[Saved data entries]
►

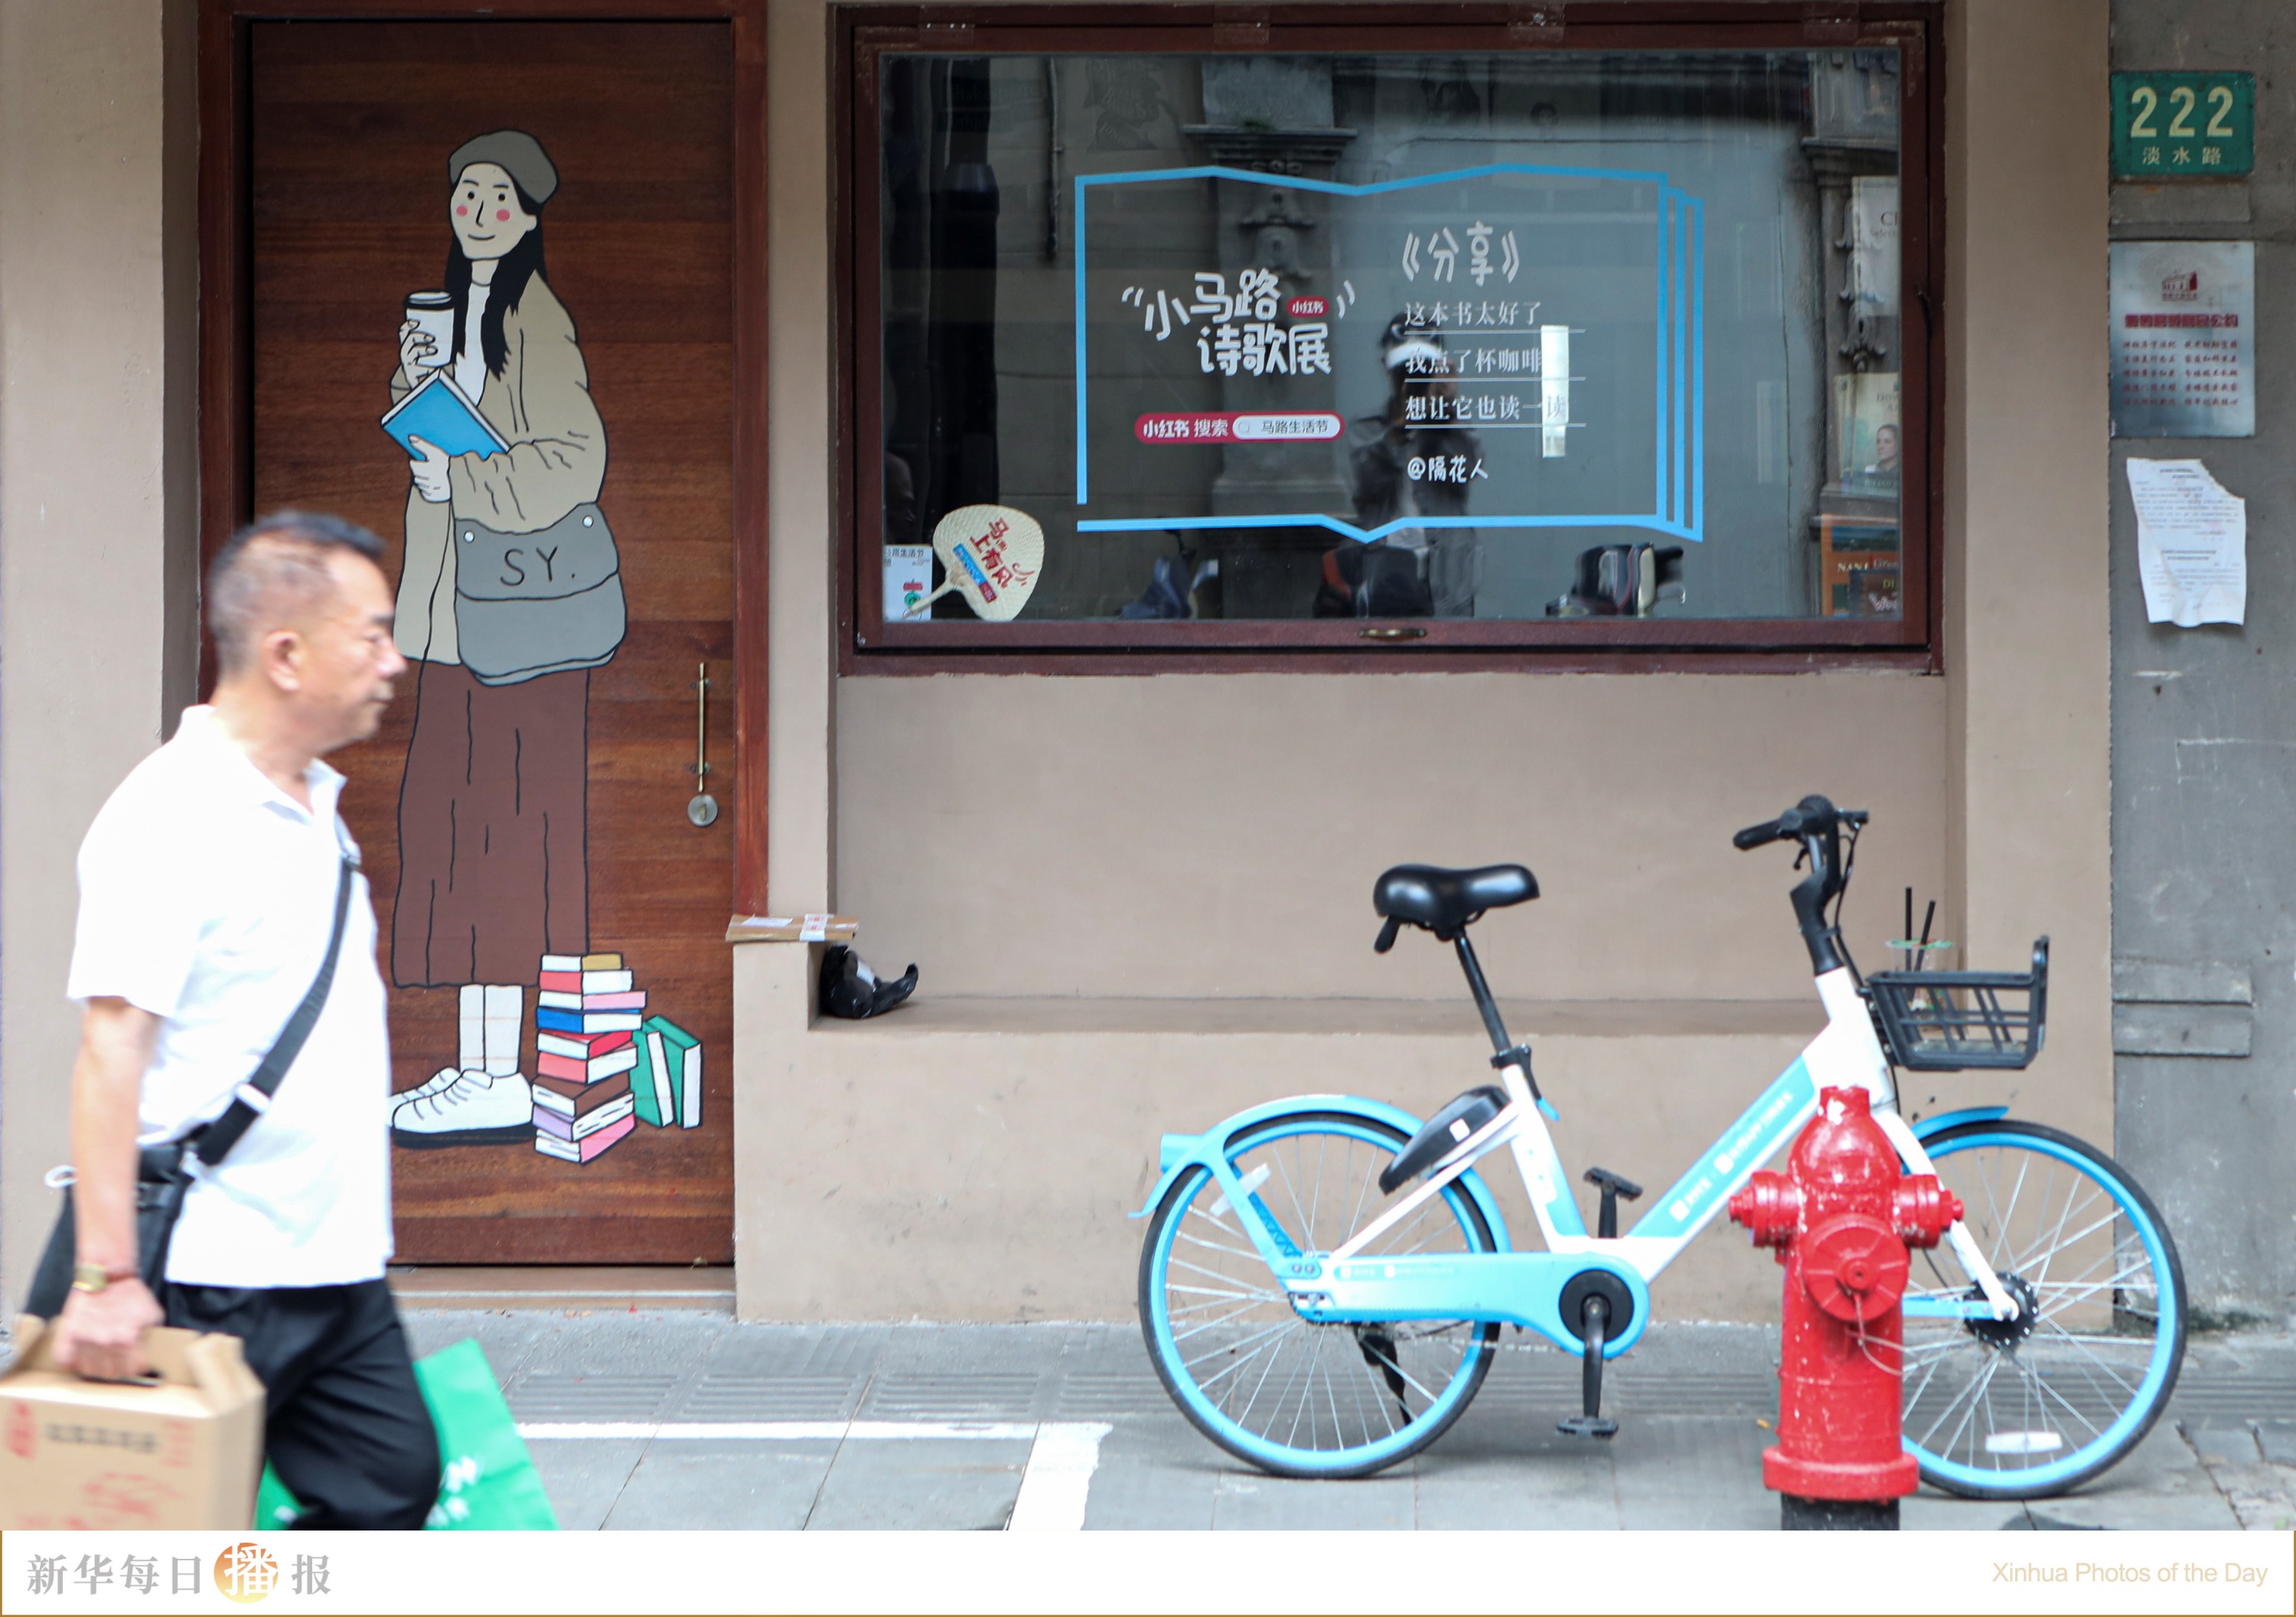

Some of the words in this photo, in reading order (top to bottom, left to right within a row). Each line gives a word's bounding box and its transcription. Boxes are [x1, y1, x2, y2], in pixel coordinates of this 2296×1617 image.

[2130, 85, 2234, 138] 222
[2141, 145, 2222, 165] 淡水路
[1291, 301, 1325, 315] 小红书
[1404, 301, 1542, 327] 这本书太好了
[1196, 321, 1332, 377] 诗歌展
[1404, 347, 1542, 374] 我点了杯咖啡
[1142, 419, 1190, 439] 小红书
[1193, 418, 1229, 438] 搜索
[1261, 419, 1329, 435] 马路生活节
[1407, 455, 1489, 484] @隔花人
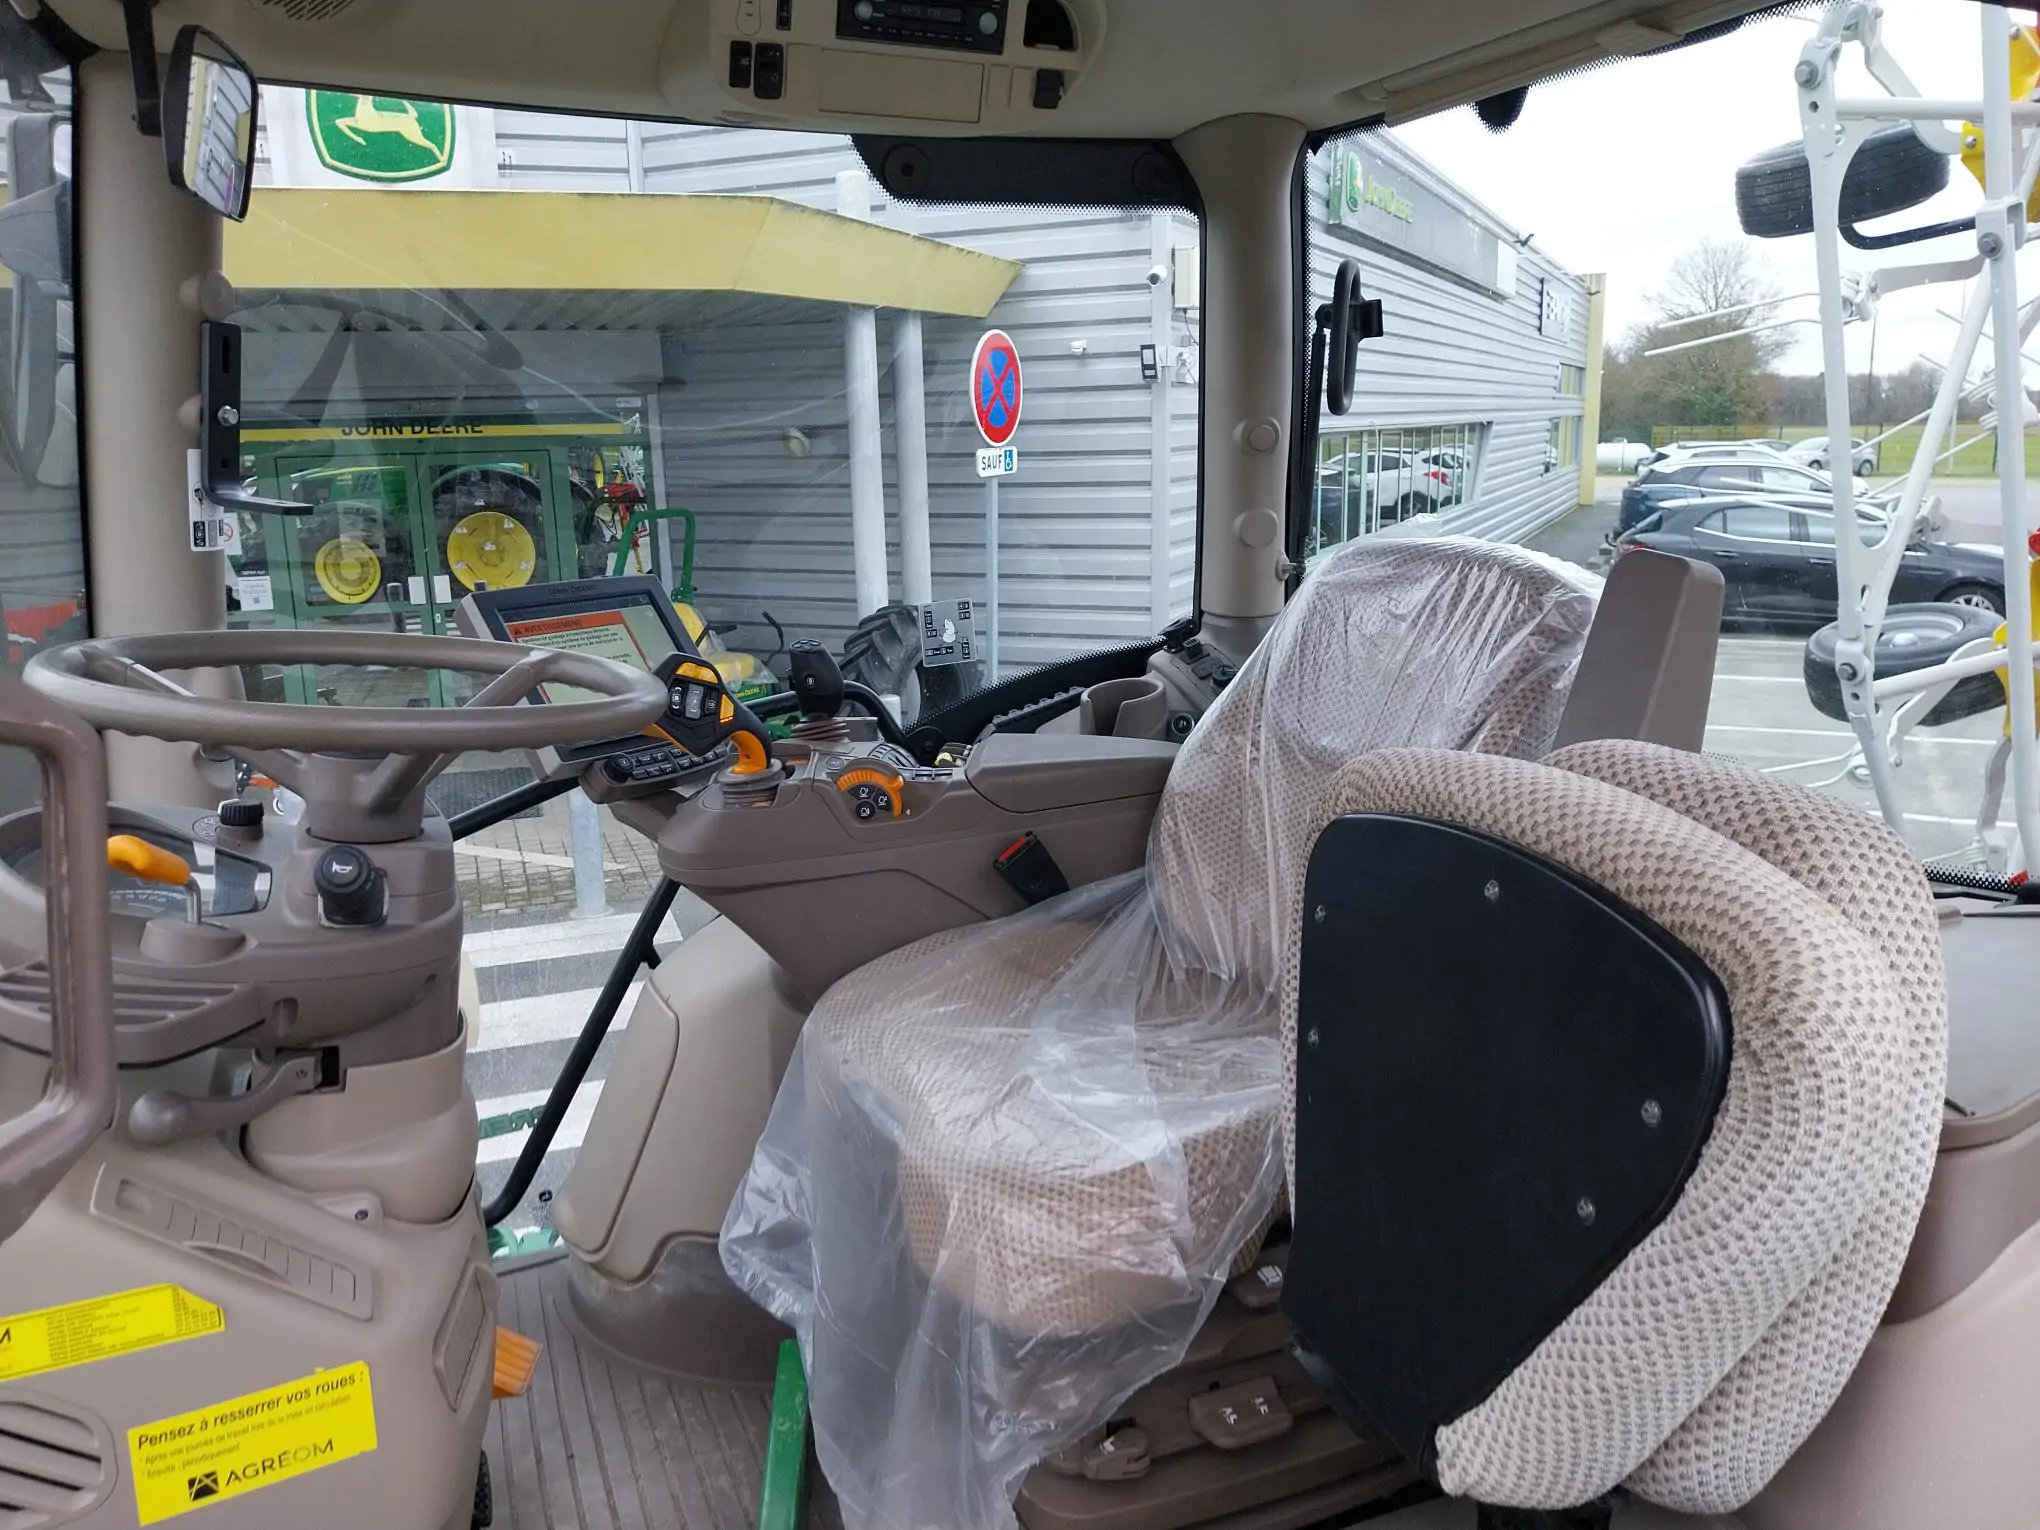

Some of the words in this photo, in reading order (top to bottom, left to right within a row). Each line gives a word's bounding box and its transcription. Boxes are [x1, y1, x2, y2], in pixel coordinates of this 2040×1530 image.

◄

**EXERCISE AIM**
The copy should hold every entry above word for word and none of the pictures.

**ANSWER TO THIS TASK**
Some of the words in this photo, in reading order (top to bottom, left to right within a row). Each line gives a word's bounding box and its transcription. Boxes are [x1, y1, x2, y2], in pixel coordinates of this 2296×1617 image.

[2130, 85, 2234, 138] 222
[2141, 145, 2222, 165] 淡水路
[1291, 301, 1325, 315] 小红书
[1404, 301, 1542, 327] 这本书太好了
[1196, 321, 1332, 377] 诗歌展
[1404, 347, 1542, 374] 我点了杯咖啡
[1142, 419, 1190, 439] 小红书
[1193, 418, 1229, 438] 搜索
[1261, 419, 1329, 435] 马路生活节
[1407, 455, 1489, 484] @隔花人

Some of the words in this photo, in reading order (top to bottom, left to right within a row). Each line gives a word's bounding box and its transcription. Boxes are [x1, y1, x2, y2], in pixel coordinates of this 2040×1530 image.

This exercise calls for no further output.